What the task asks => Could you restate every entry word for word, leaving the pictures out?

Source data =>

· · · ·

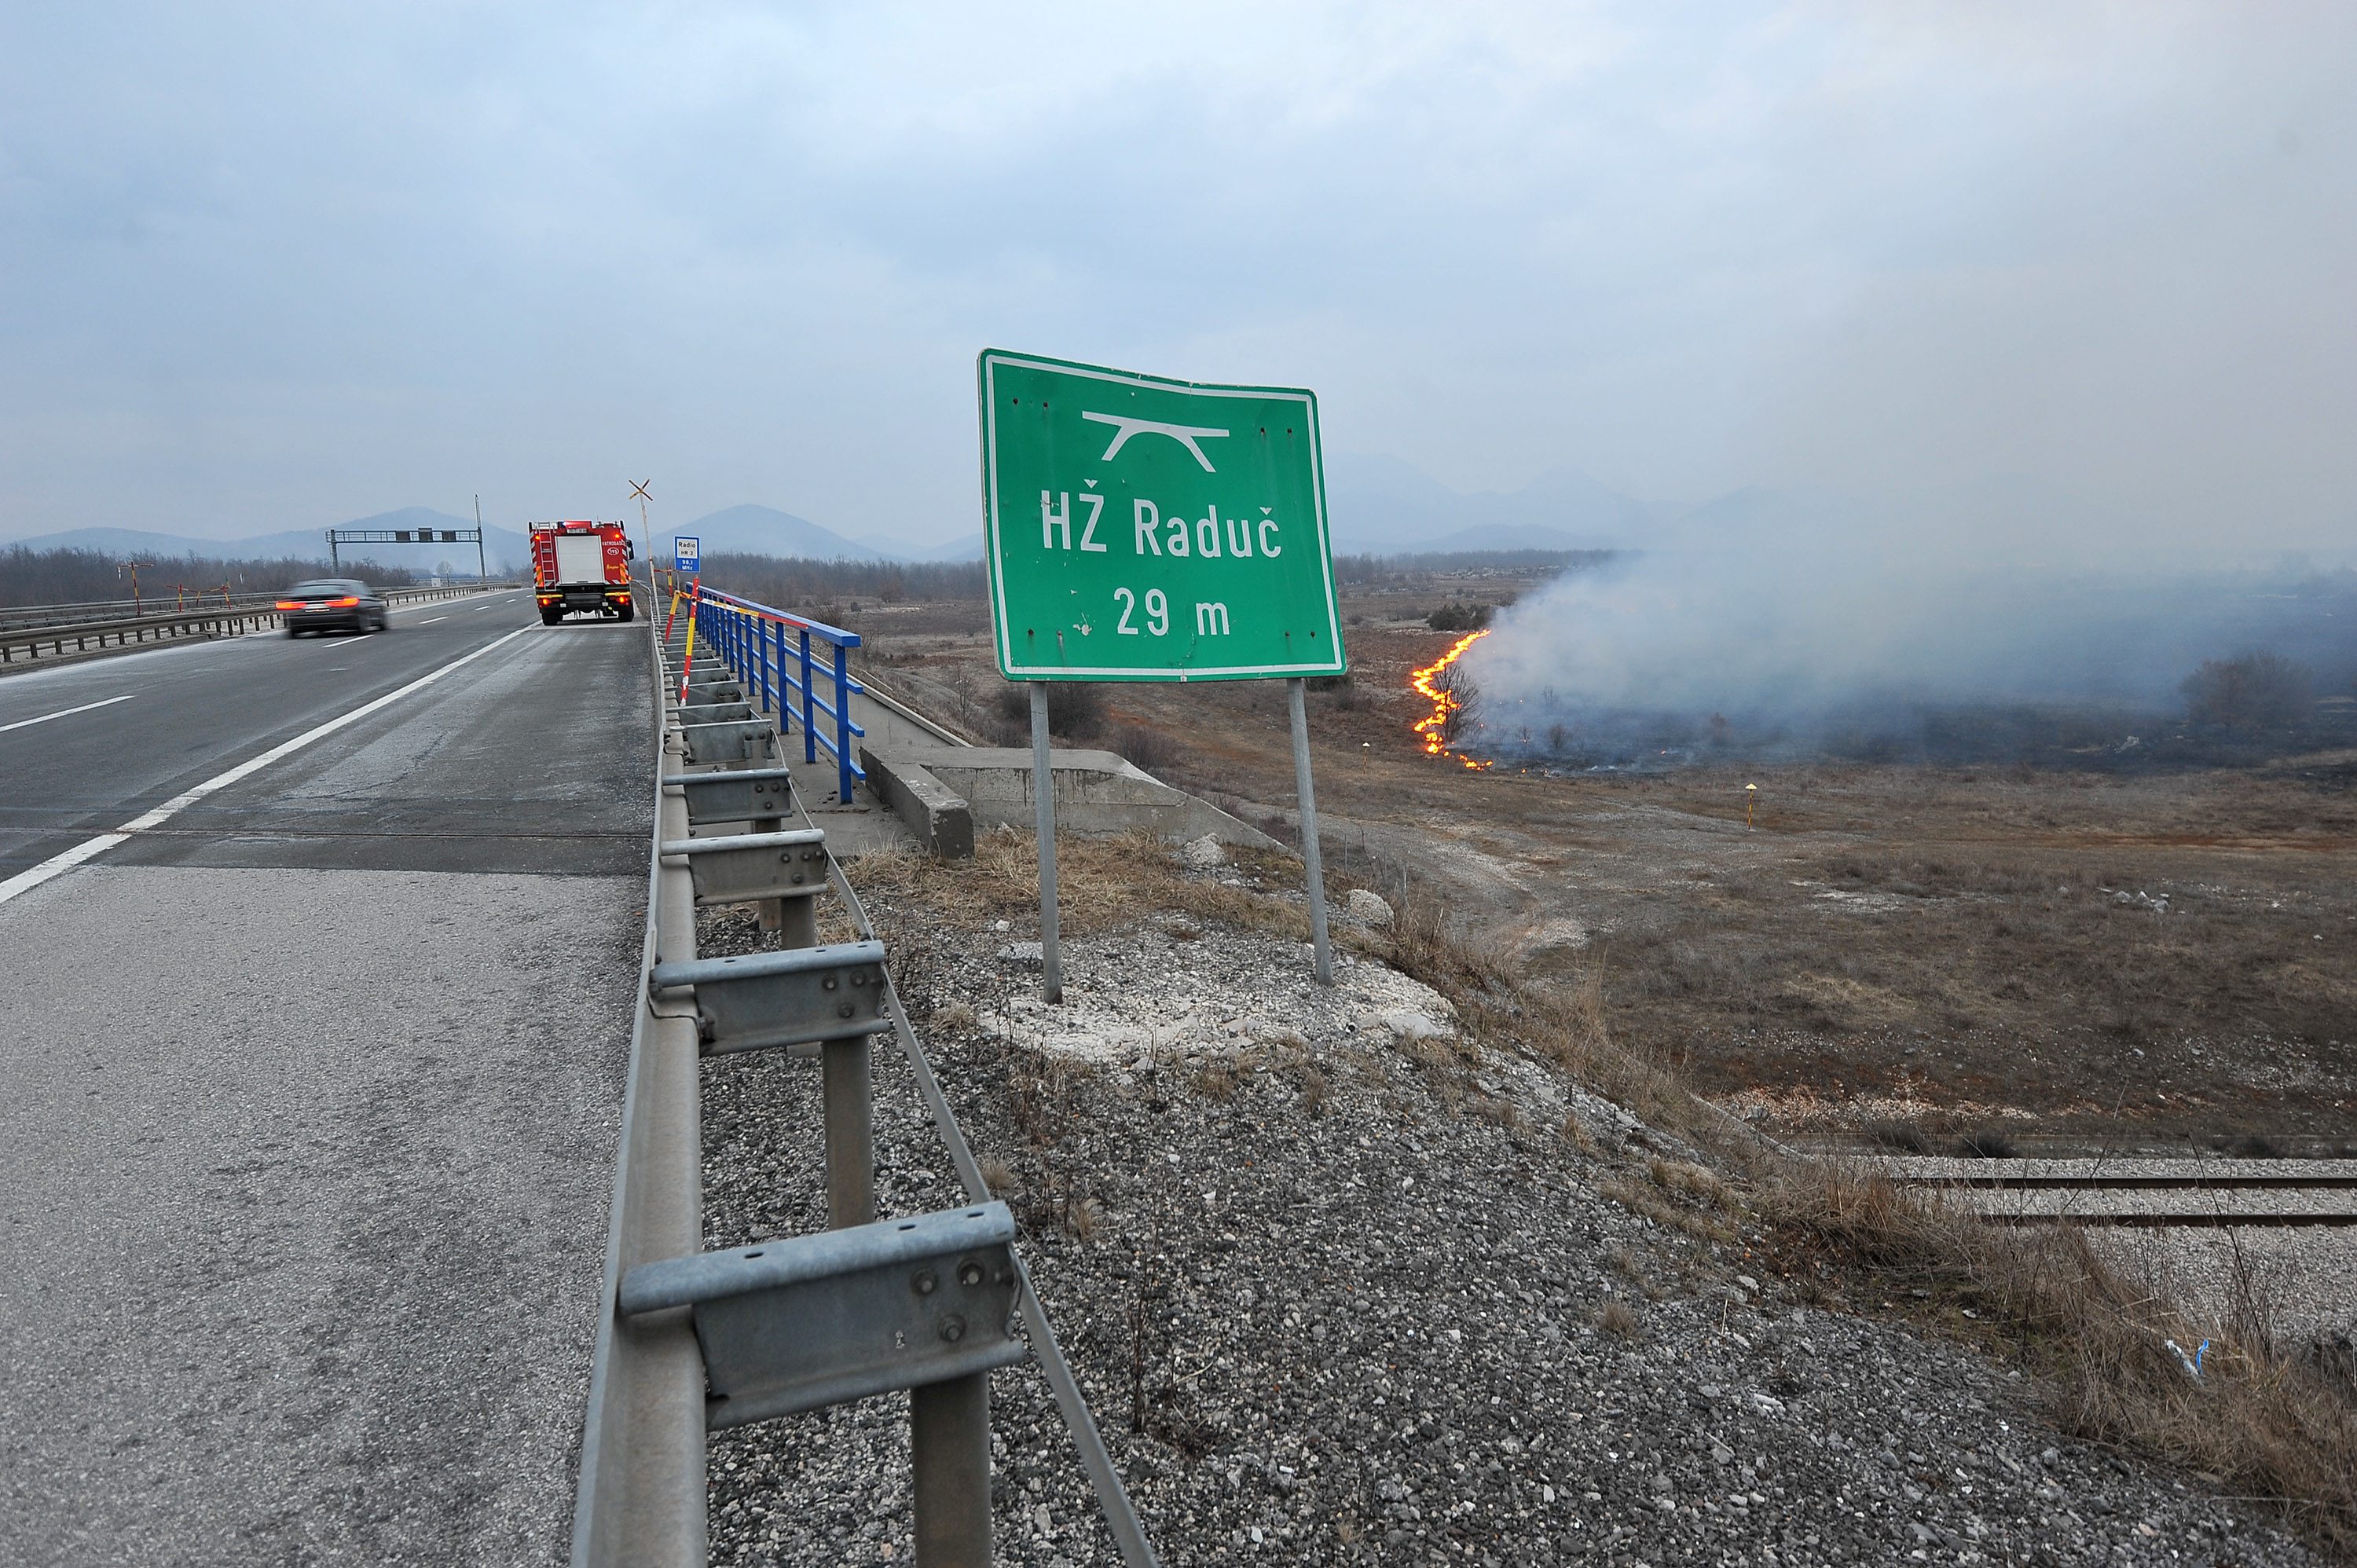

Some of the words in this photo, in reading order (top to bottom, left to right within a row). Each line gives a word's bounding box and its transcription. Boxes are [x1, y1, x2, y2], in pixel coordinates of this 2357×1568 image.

[1041, 478, 1107, 552] HŽ
[1134, 498, 1282, 559] Raduč
[1113, 587, 1170, 637] 29
[1196, 602, 1230, 636] m

· · · ·

Exercise response =>
Some of the words in this photo, in reading order (top to bottom, left to right within a row). Each line gives a word's bounding box and its transcription. Boxes are [x1, y1, x2, y2], in pixel coordinates of this 2357×1568 image.

[1041, 478, 1107, 552] HŽ
[1134, 498, 1282, 559] Raduč
[1113, 587, 1170, 637] 29
[1196, 602, 1230, 636] m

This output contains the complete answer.